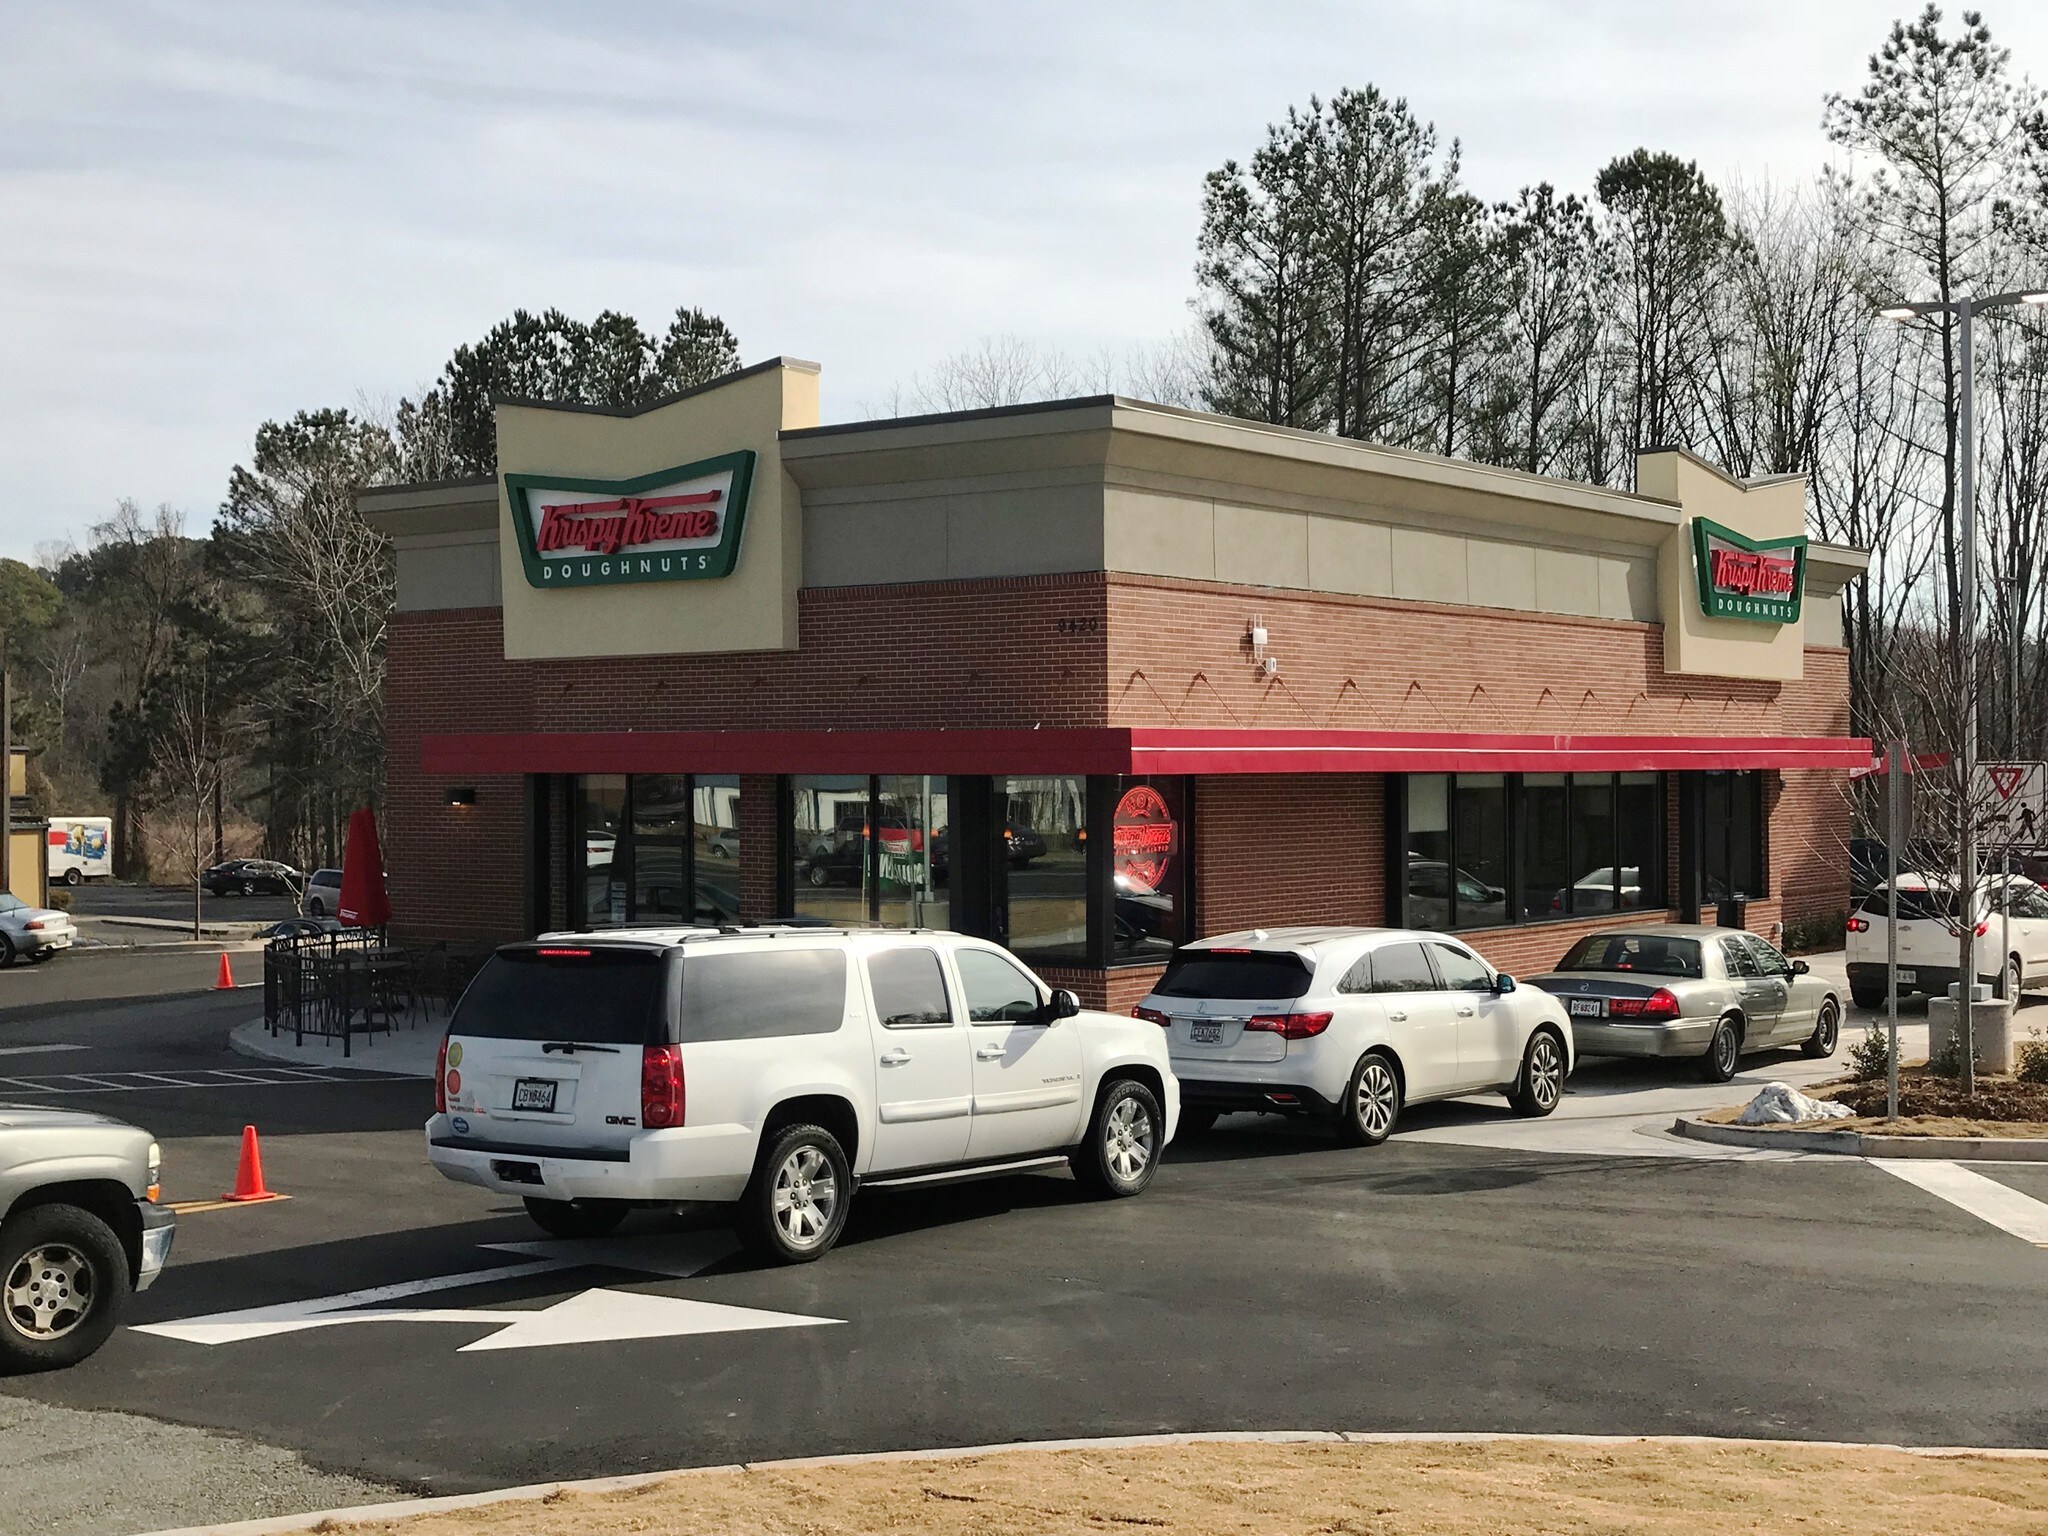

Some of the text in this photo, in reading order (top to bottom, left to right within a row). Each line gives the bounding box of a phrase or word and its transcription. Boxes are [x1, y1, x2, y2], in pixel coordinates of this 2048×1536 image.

[536, 490, 722, 554] Krispy Kreme
[543, 555, 707, 580] DOUGHNUTS
[1711, 549, 1795, 596] Krispy Kreme
[1718, 598, 1792, 618] DOUGHNUTS
[1125, 793, 1155, 814] HOT
[605, 1115, 637, 1126] GMC
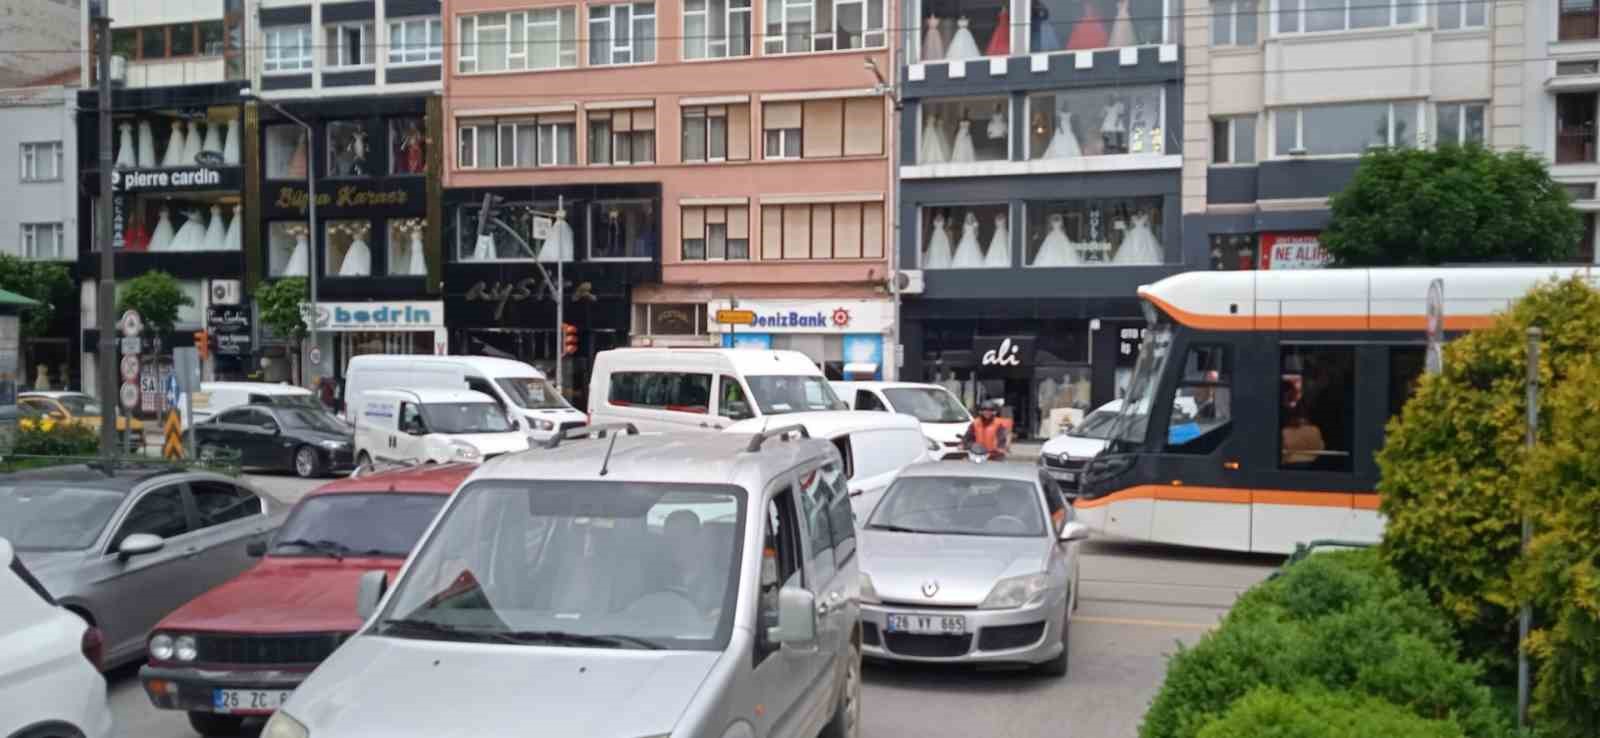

◇ ◇ ◇ ◇ ◇ ◇ ◇

Start at the first line and set down all of the data exactly, passing over the pictures.

Task solution.
Some of the text in this photo, in reading order (top to bottom, left to right within a row). Each line gives the bounding box of a phrase or word and its transcription. Boxes are [x1, y1, x2, y2], in pixel coordinates of this 2048×1536 image.

[536, 490, 722, 554] Krispy Kreme
[543, 555, 707, 580] DOUGHNUTS
[1711, 549, 1795, 596] Krispy Kreme
[1718, 598, 1792, 618] DOUGHNUTS
[1125, 793, 1155, 814] HOT
[605, 1115, 637, 1126] GMC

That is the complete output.